I just got one as well and I'm soooo in love with it! I got the cheapest one I found online: the 4500 was on amazon originally almost $500 on sale for $379 or something. I'm telling every one I know now that it is the #1 thing I recommend pinching your pennies to get.

I was already making green smoothies every day but this kicked it up a notch, gets everything smooth. I hadn't tried apple before because I knew it wouldn't work in my regular blender. But the other day I had green apple, green grape and parsley (with a bit of water) and it was amazing...like a green apple juice.
I even got DH into them this way. I think it's worth the cost just to get more greens in us this way.

I also am fascinated that you can make warm soups by throwing raw veggies in there and blending it for 5 minutes...the motor gets in warm. That would mean the motor is overworked in a regular blender but is fine for a Vitamix.
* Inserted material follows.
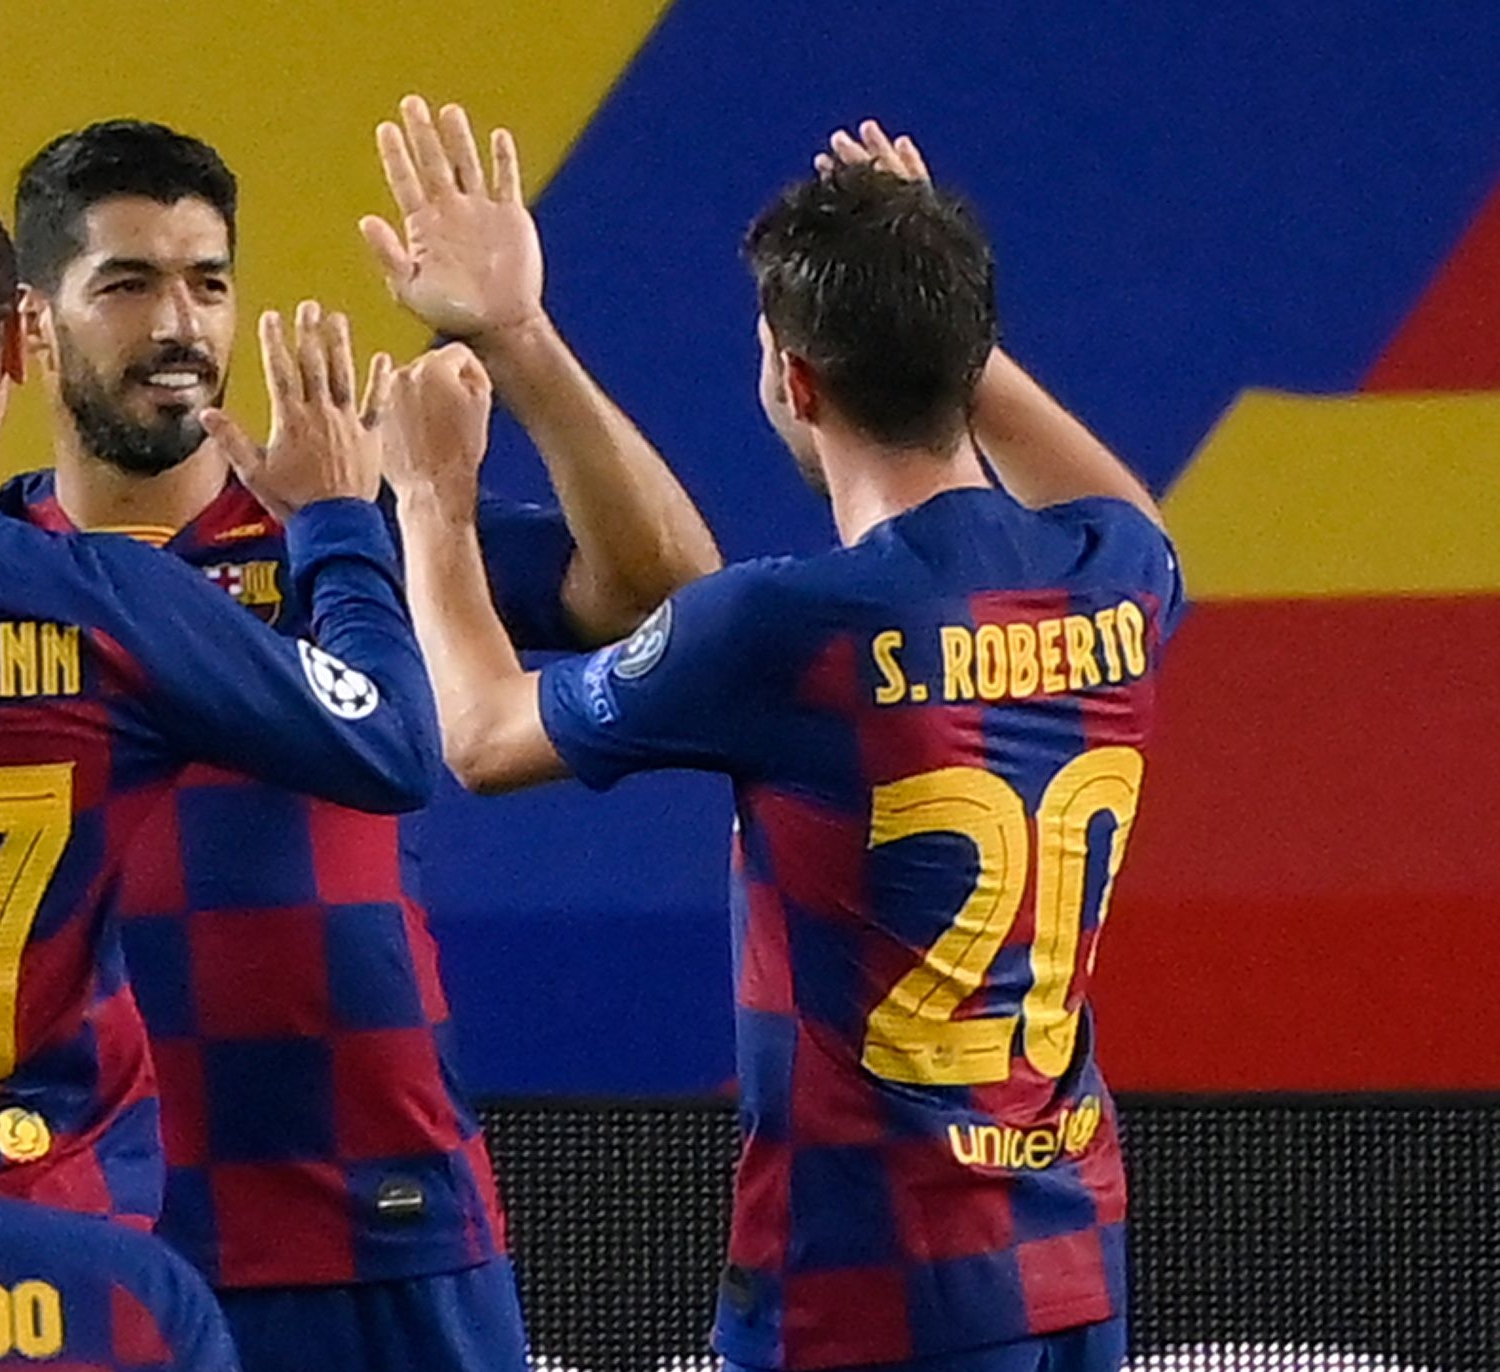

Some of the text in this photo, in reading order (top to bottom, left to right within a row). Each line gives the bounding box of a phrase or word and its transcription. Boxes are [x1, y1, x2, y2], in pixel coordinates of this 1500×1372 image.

[872, 600, 1146, 705] S. ROBERTO
[861, 746, 1144, 1086] 20
Then the most fun of all is making healthy sorbets and ice creams is a cinch. I think I might be successful keeping DH away from store bought ice creams if I make these regularly. The other night I made up chocolate-raspberry "ice cream" and it was divine! For 2 servings: 1 cup frozen raspberries, 1/2 cup coconut milk, 2 TBLSP raw agave nectar (or other sweetener), 1 TBLSP each organic cocoa powder, coconut butter and cashew butter and 1 tsp of vanilla.

And there is lots more fun to be had with it!


----------



## sarahope (Feb 5, 2009)

We are saving up for one - we will get one this summer most likely. I can not wait!! Congrats on getting yours!


----------



## lakeruby (Jun 23, 2009)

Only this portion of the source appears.